Art. 1.361. Considera-se fiduciária a propriedade resolúvel de coisa móvel infungível que o devedor, com escopo de garantia, transfere ao credor:
…....
§ 2º Com a constituição da propriedade fiduciária, dá-se o desdobramento da posse, tornando-se o devedor possuidor direto da coisa
Diretamente contraposto vem a previsão da lei especial:
"§ 3º É admitida a alienação fiduciária de coisa fungível e a cessão fiduciária de direitos sobre coisas móveis, bem como de títulos de crédito, hipóteses em que, salvo disposição em contrário, a posse direta e indireta do bem objeto da propriedade fiduciária ou do título representativo do direito ou do crédito é atribuída ao credor..."
Mister notar que, no que tange ao Mercado Financeiro e a natureza fungível do bem garantidor, tal proteção jurídica garante e estimula a oferta de crédito no mercado, tendo em vista que, no caso de inadimplemento contratual por parte do devedor fiduciário, a restituição do valor devido através da venda do bem ofertado se torna menos morosa e penosa, desengessando e garantindo de forma mais eficaz a obrigação contraída.

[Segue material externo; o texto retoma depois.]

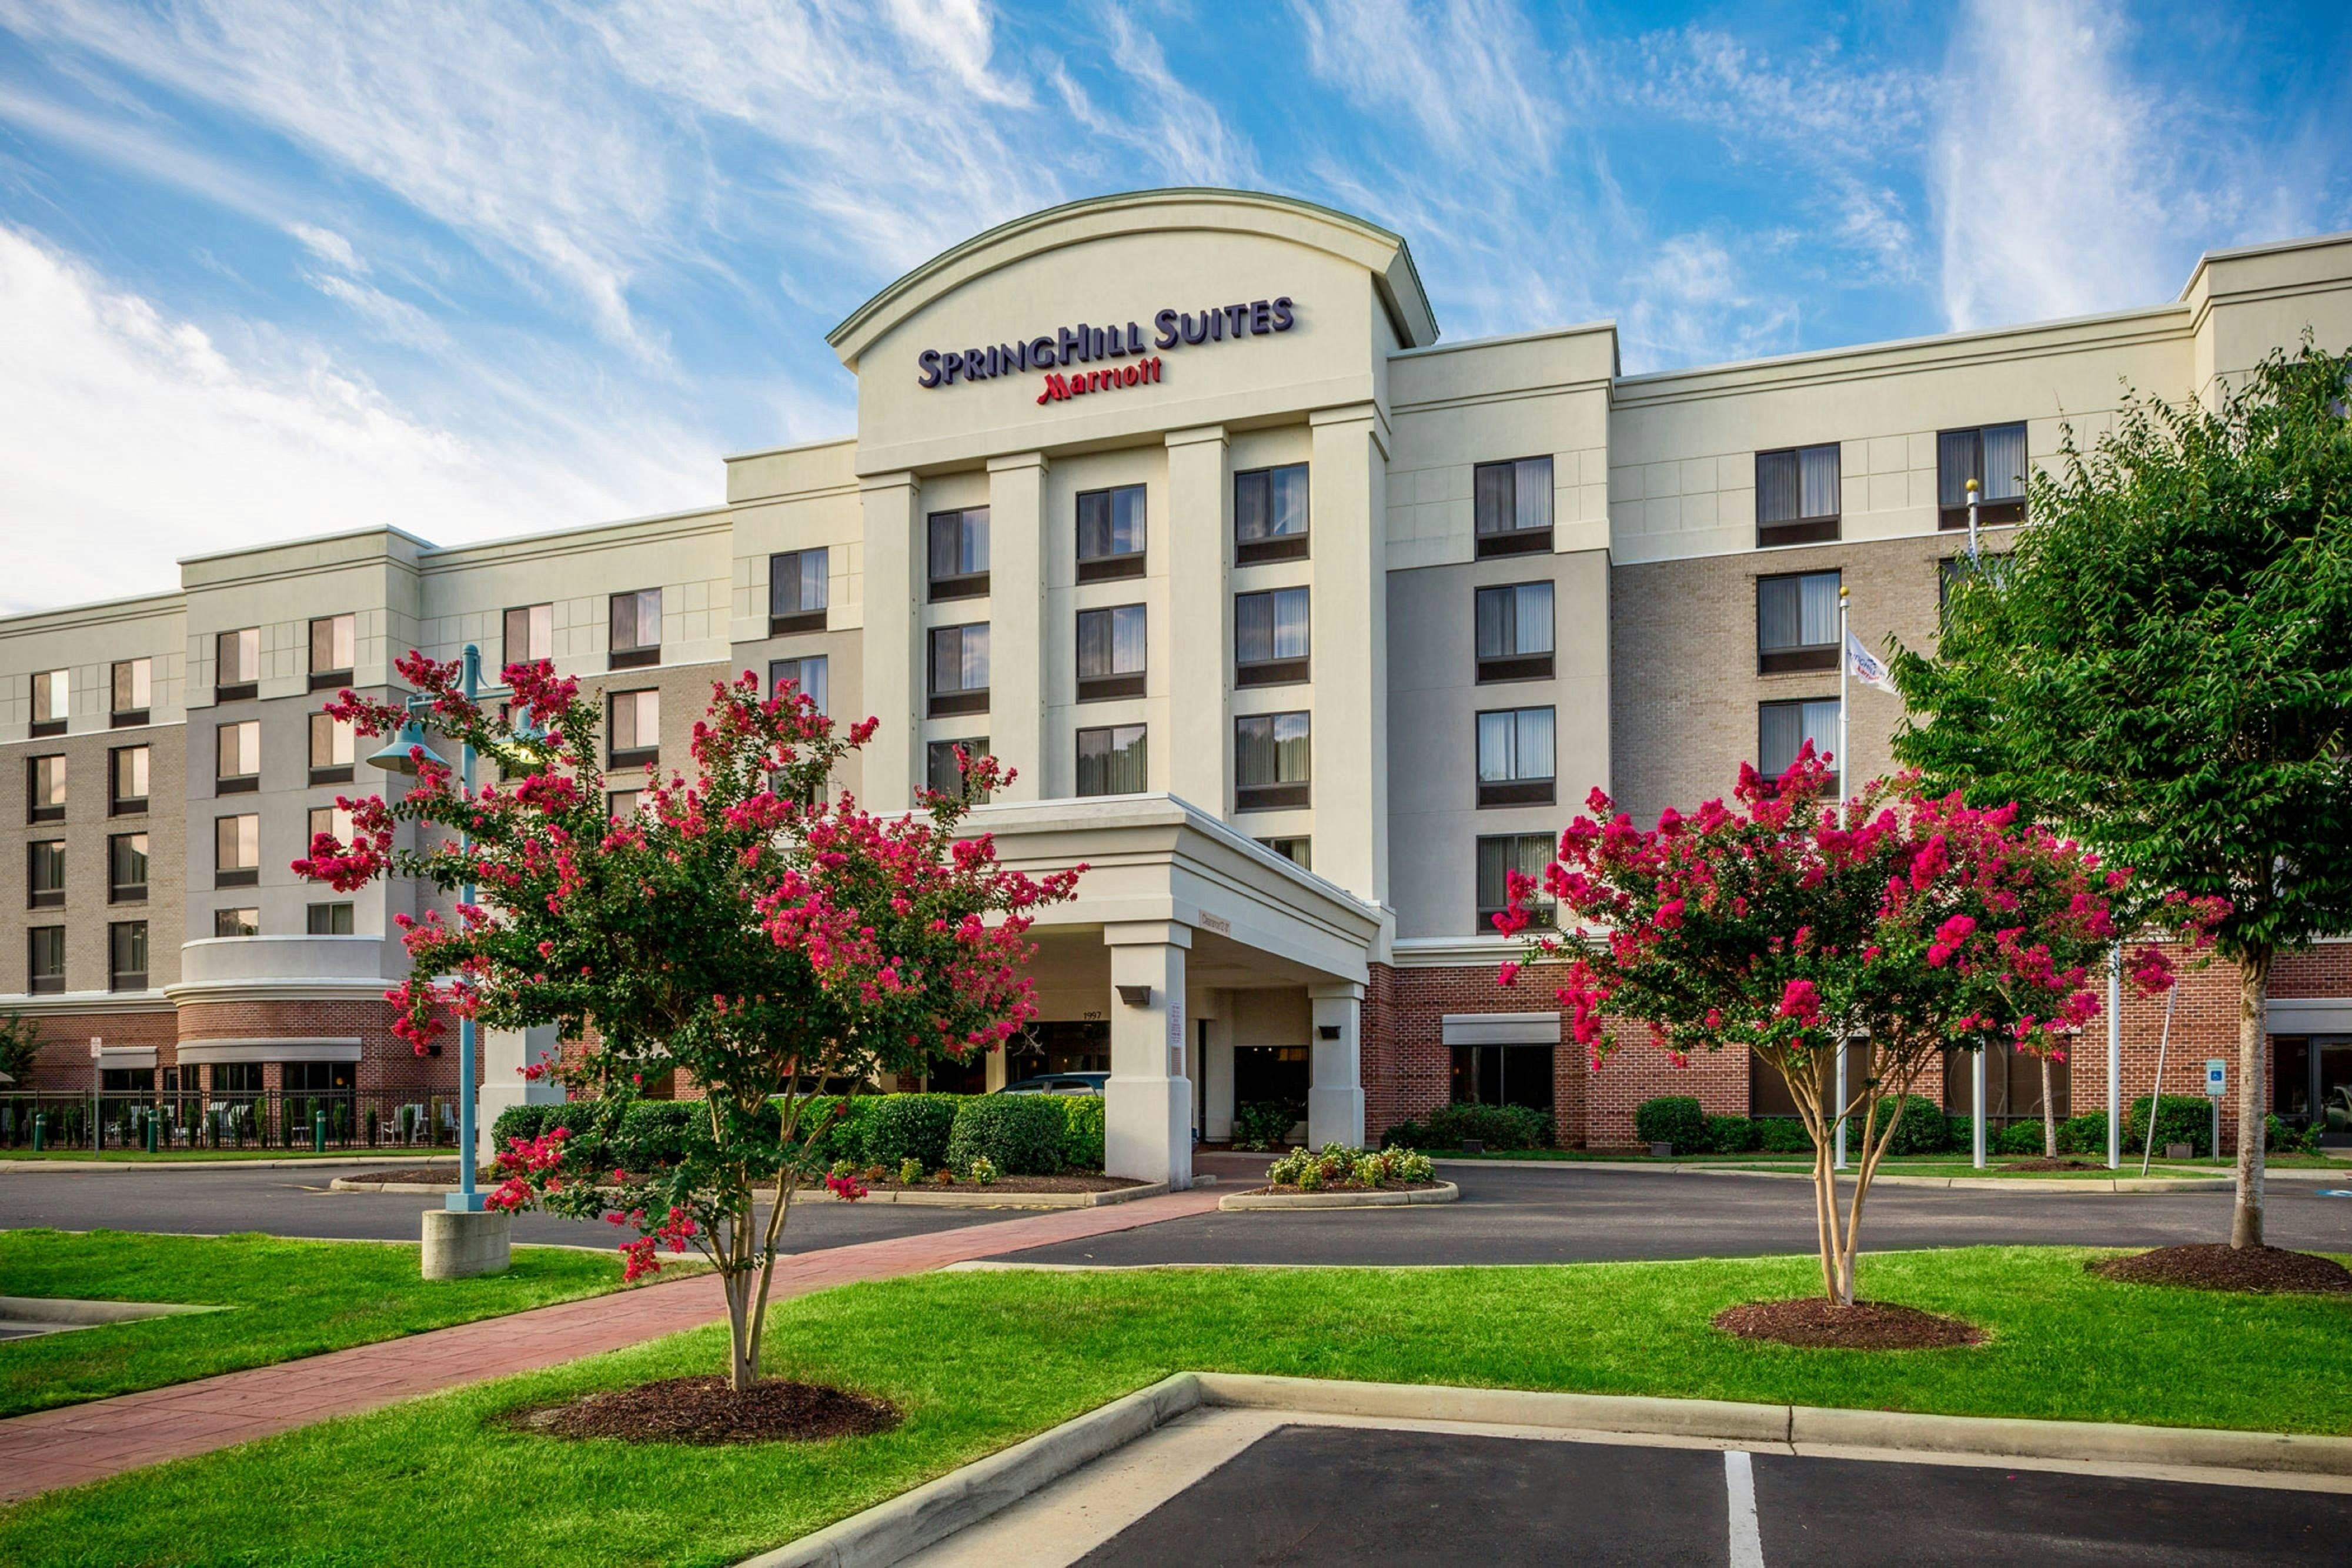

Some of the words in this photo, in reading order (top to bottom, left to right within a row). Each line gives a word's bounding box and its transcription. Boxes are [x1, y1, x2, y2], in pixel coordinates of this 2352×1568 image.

III - Da alienação de bens fungíveis
Outro aspecto controvertido que deve ser observado é a permissão da lei em se alienar bens móveis fungíveis, ponto que destoa do CC vigente onde é vedada tal prática, caso em que expressamente limita ao tema da alienação fiduciária, que tal garantia recaia somente sobre bens móveis infungíveis.
A fungibilidade dos bens passíveis de alienação fiduciária, garante um leque extenso de possibilidades no momento da obtenção de crédito, devendo ser admitido estritamente no âmbito das operações financeiras, vedando assim eventuais extensões de sua interpretação.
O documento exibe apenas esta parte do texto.